Ik heb veel over dat begrip „succesboek” moeten nadenken. Er zijn ongetwijfeld naïeve zielen, die menen dat de veel geadviseerde en druk verkochte boeken tevens de beste zijn, maar ik neem aan dat de lezer hiertoe niet behoort. Uit reactie tegen al dat reclame-gedoe voelt men soms de neiging bij zich opkomen te zeggen dat het juist de slechtste zijn: de domste, de banaalste, onbenulligste; maar dat is meen ik evenmin het geval. Het succesboek dankt zijn succes bijna altijd aan positieve, en niet aan negatieve kwaliteiten. Het is boeiend, het vertelt over milieu’s waar de lezer graag van hoort; hetzij omdat hij ze góed kent of omdat hij ze juist niet kent en er graag over wil fantaseren, het handelt over sympathieke figuren en overwonnen moeilijkheden, waarin men meeleven kan, of het laat op een eenvou-* dige wijze zien hoe ’s w'erelds loop is, en geeft daardoor de eenvoudige lezer het gevoel dat het „klopt” en dat hij er alles van begrijpt.

Neen, de succes-roman is helemaal geen „slecht” boek; er kan best echte levenswijsheid in liggen, en veelal kan de succesauteur ook wel knap schrijven, en soms weet hij heel goed zijn figuren te typeren en zijn milieu’s voor de verbeelding op te roepen. Maar aan de andere kant zal de succesroman ook zelden een werkelijk goed boek zijn: iets wat werkelijk een kunstwerk mag heten, en door serieuze lezers als de schepping van een kunstenaar kan worden verstaan. Het is daarom, dat ik er bijna iets onbillijks in voel, dat „Catharina en de Magnolia’s” zo het stempel van het succes-boek heeft gekregen; want in Jo Boer hebben wij ongetwijfeld te maken met een echt kunstenaarschap. Haar werk wordt niet voor de markt vervaardigd, maar ontspringt uit een innerlijke noodzaak.

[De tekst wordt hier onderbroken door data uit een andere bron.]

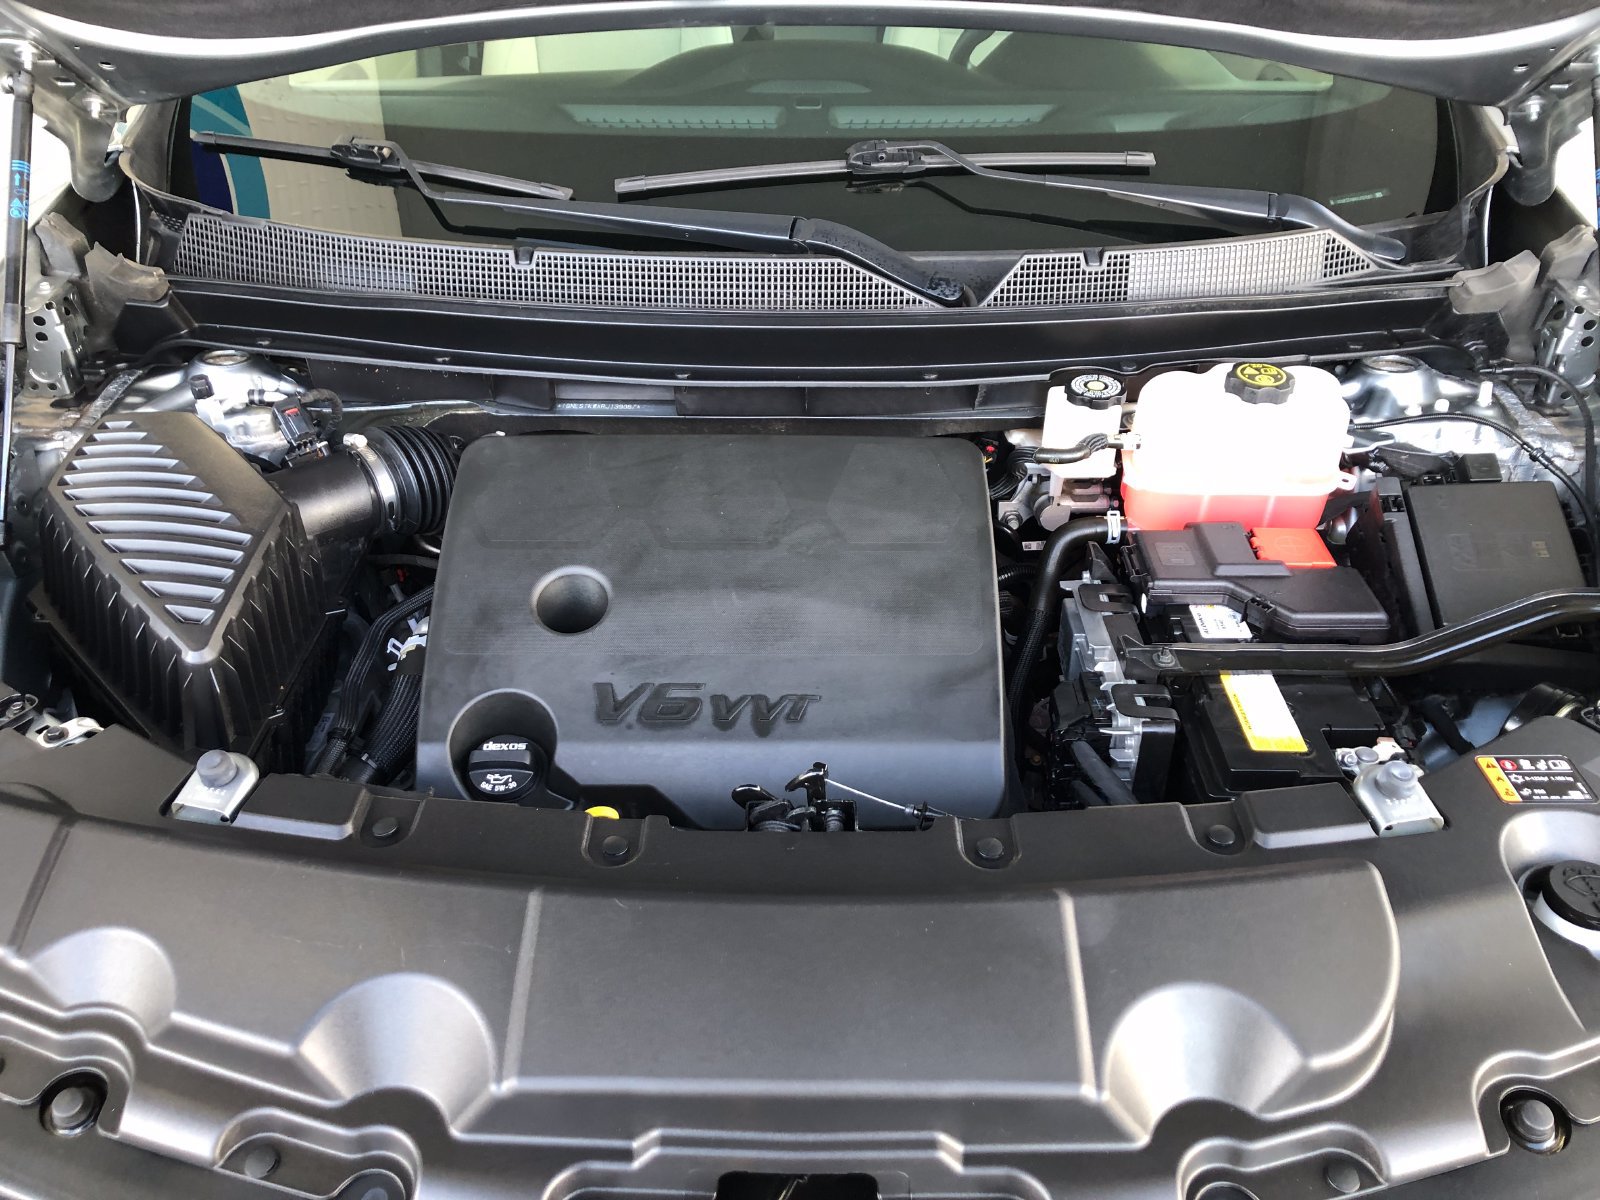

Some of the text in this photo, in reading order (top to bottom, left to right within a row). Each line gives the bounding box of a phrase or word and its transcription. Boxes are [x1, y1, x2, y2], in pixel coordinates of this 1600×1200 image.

Als gezegd, weet ik niet of ~Melancholie der verzonken Jaren” bij het grote publiek succes zal hebben. Maar deze vraagstelling brengt mij ertoe, het boek op een andere manièr te bekijken dan ik anders misschien zou hebben gedaan. Wanneer een kunstwerk van waarde tevens tot het grote publiek spreekt, zal het altijd zó moeten wezen, dat daarin bepaalde „waarden” onmiddellijk voor het grijpen liggen. Het grote publiek is n.l. weinig gewend zich geestelijk in te spannen en ziet óók van nature niet veel verder dan zijn neus lang is. Het „heeft er wel iets aan”, het vindt wel bepaalde behoeften bevredigd, maar heeft geen besef, dat dit wat rapen is van wat blinkende stenen, terwijl daaronder misschien een ertsmijn aanwezig is.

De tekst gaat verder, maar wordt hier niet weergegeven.